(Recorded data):
______
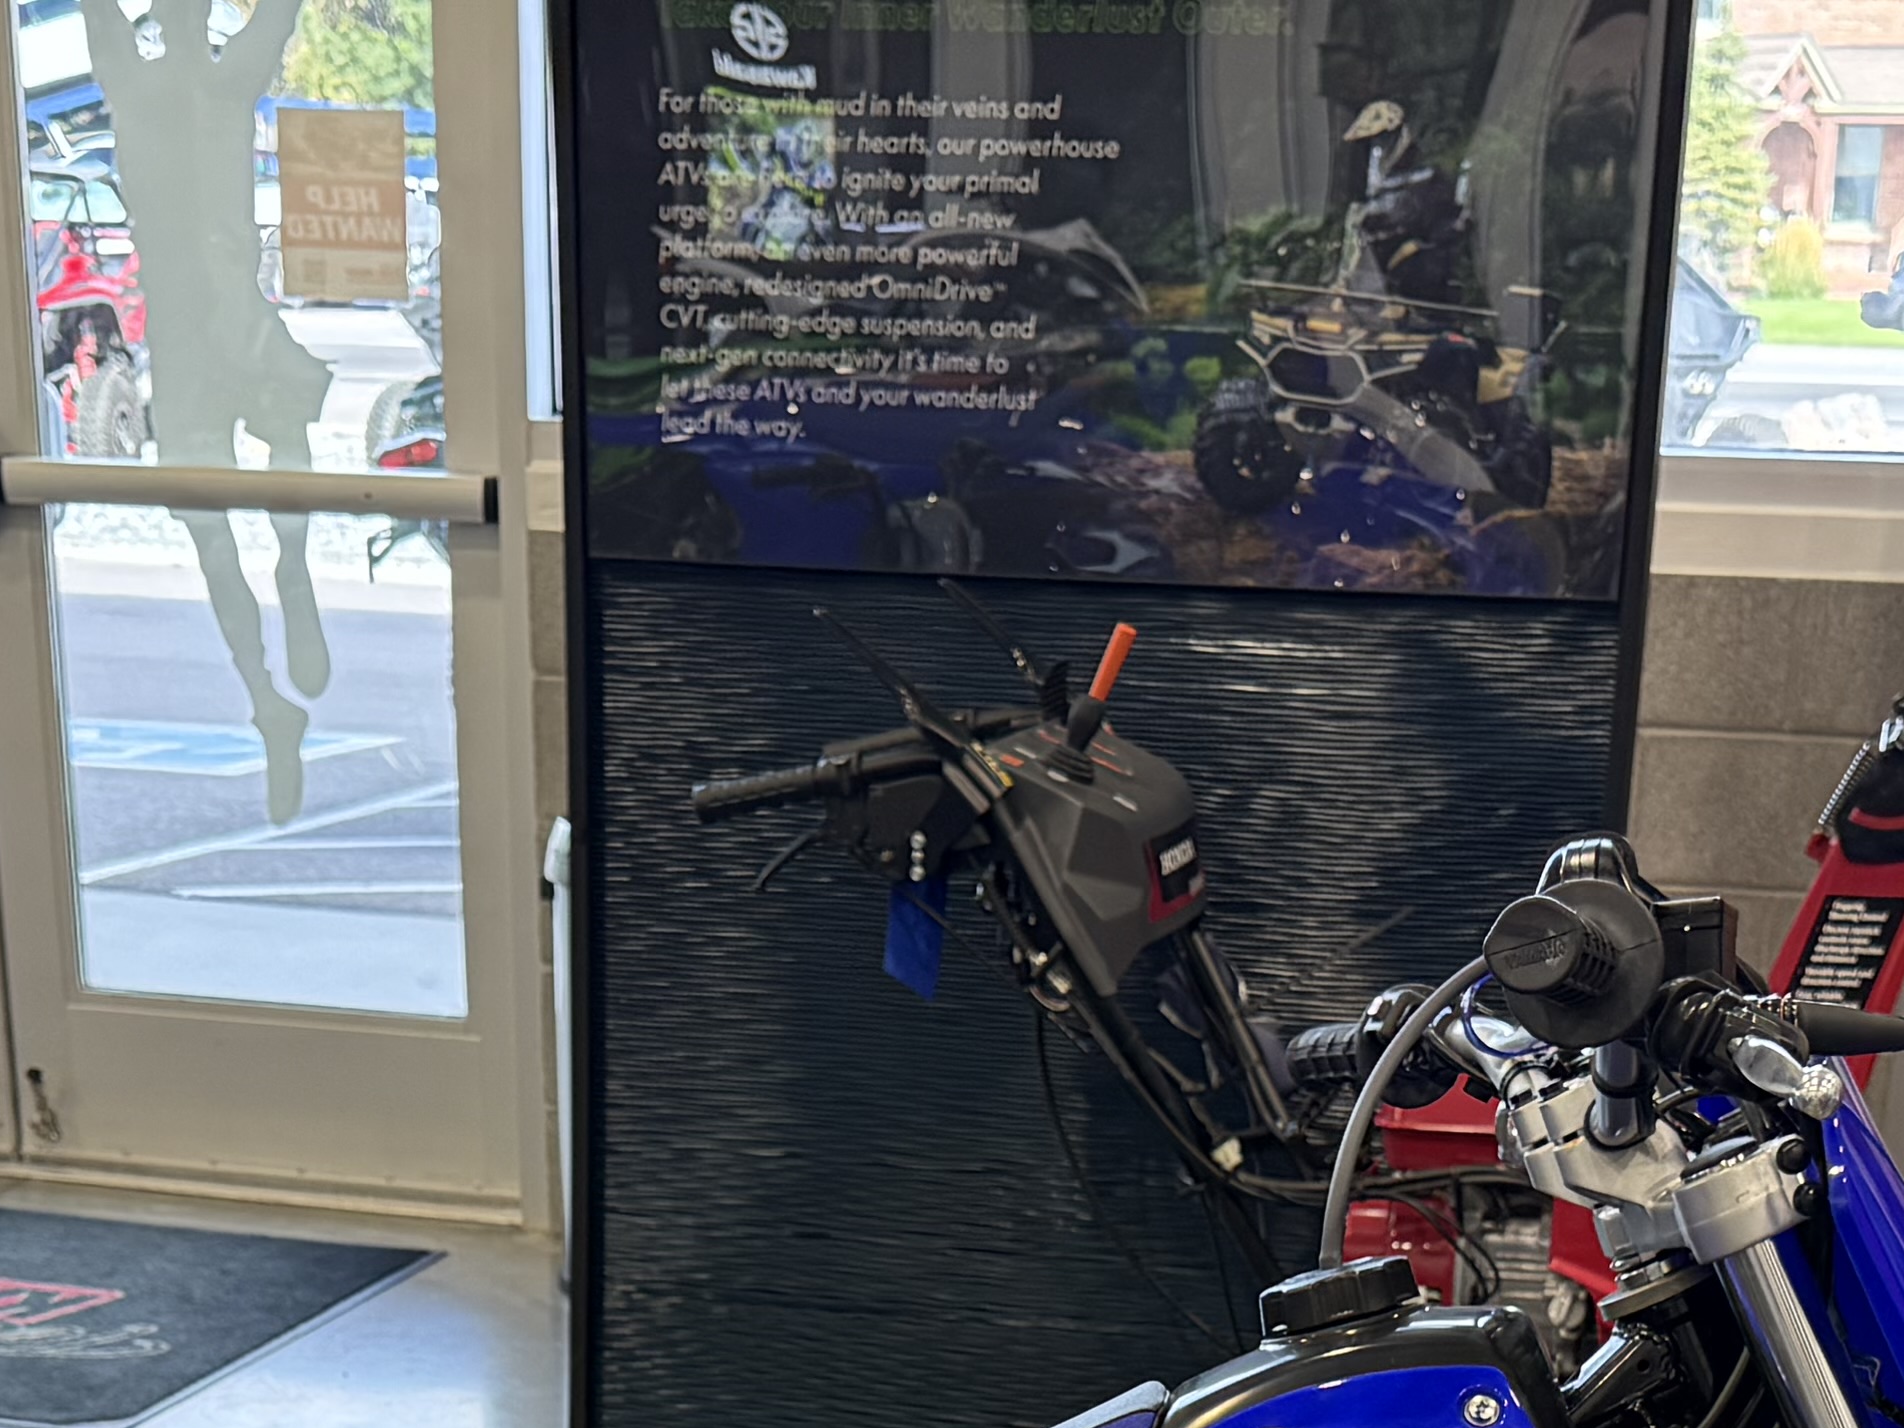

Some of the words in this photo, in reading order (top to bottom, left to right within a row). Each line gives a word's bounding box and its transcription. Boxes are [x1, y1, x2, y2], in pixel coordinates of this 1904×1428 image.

[658, 87, 694, 114] For
[699, 87, 760, 115] those
[815, 90, 867, 117] mud
[870, 92, 893, 118] in
[897, 91, 947, 119] their
[951, 95, 1010, 120] veins
[1013, 93, 1064, 121] and
[657, 125, 772, 151] adventure
[856, 127, 930, 157] hearts,
[937, 136, 978, 157] our
[978, 129, 1122, 163] powerhouse
[657, 160, 710, 187] ATVs
[841, 166, 906, 197] ignite
[909, 171, 961, 199] your
[963, 167, 1041, 199] primal
[657, 204, 707, 230] urge
[835, 200, 890, 226] With
[927, 202, 1017, 230] all-new
[658, 236, 760, 265] platform,
[796, 245, 850, 263] even
[854, 244, 914, 264] more
[915, 238, 1020, 271] powerful
[658, 274, 740, 301] engine,
[743, 270, 869, 305] redesigned
[712, 307, 858, 341] cutting-edge
[859, 314, 986, 342] suspension,
[989, 312, 1039, 340] and
[659, 344, 760, 374] next-gen
[761, 346, 896, 378] connectivity
[931, 349, 983, 374] time
[985, 350, 1010, 375] to
[660, 373, 690, 399] let
[752, 377, 808, 402] ATVs
[810, 379, 858, 405] and
[859, 388, 911, 413] your
[912, 383, 1042, 412] wanderlust
[660, 406, 713, 435] lead
[714, 407, 752, 436] the
[753, 420, 807, 445] way.
______
(The problem):
The entries above need to be printed again exactly; please exclude all pictures.

(Output for this task):
Some of the words in this photo, in reading order (top to bottom, left to right within a row). Each line gives a word's bounding box and its transcription. Boxes are [x1, y1, x2, y2], in pixel coordinates of this 1904×1428 image.

[658, 87, 694, 114] For
[699, 87, 760, 115] those
[815, 90, 867, 117] mud
[870, 92, 893, 118] in
[897, 91, 947, 119] their
[951, 95, 1010, 120] veins
[1013, 93, 1064, 121] and
[657, 125, 772, 151] adventure
[856, 127, 930, 157] hearts,
[937, 136, 978, 157] our
[978, 129, 1122, 163] powerhouse
[657, 160, 710, 187] ATVs
[841, 166, 906, 197] ignite
[909, 171, 961, 199] your
[963, 167, 1041, 199] primal
[657, 204, 707, 230] urge
[835, 200, 890, 226] With
[927, 202, 1017, 230] all-new
[658, 236, 760, 265] platform,
[796, 245, 850, 263] even
[854, 244, 914, 264] more
[915, 238, 1020, 271] powerful
[658, 274, 740, 301] engine,
[743, 270, 869, 305] redesigned
[712, 307, 858, 341] cutting-edge
[859, 314, 986, 342] suspension,
[989, 312, 1039, 340] and
[659, 344, 760, 374] next-gen
[761, 346, 896, 378] connectivity
[931, 349, 983, 374] time
[985, 350, 1010, 375] to
[660, 373, 690, 399] let
[752, 377, 808, 402] ATVs
[810, 379, 858, 405] and
[859, 388, 911, 413] your
[912, 383, 1042, 412] wanderlust
[660, 406, 713, 435] lead
[714, 407, 752, 436] the
[753, 420, 807, 445] way.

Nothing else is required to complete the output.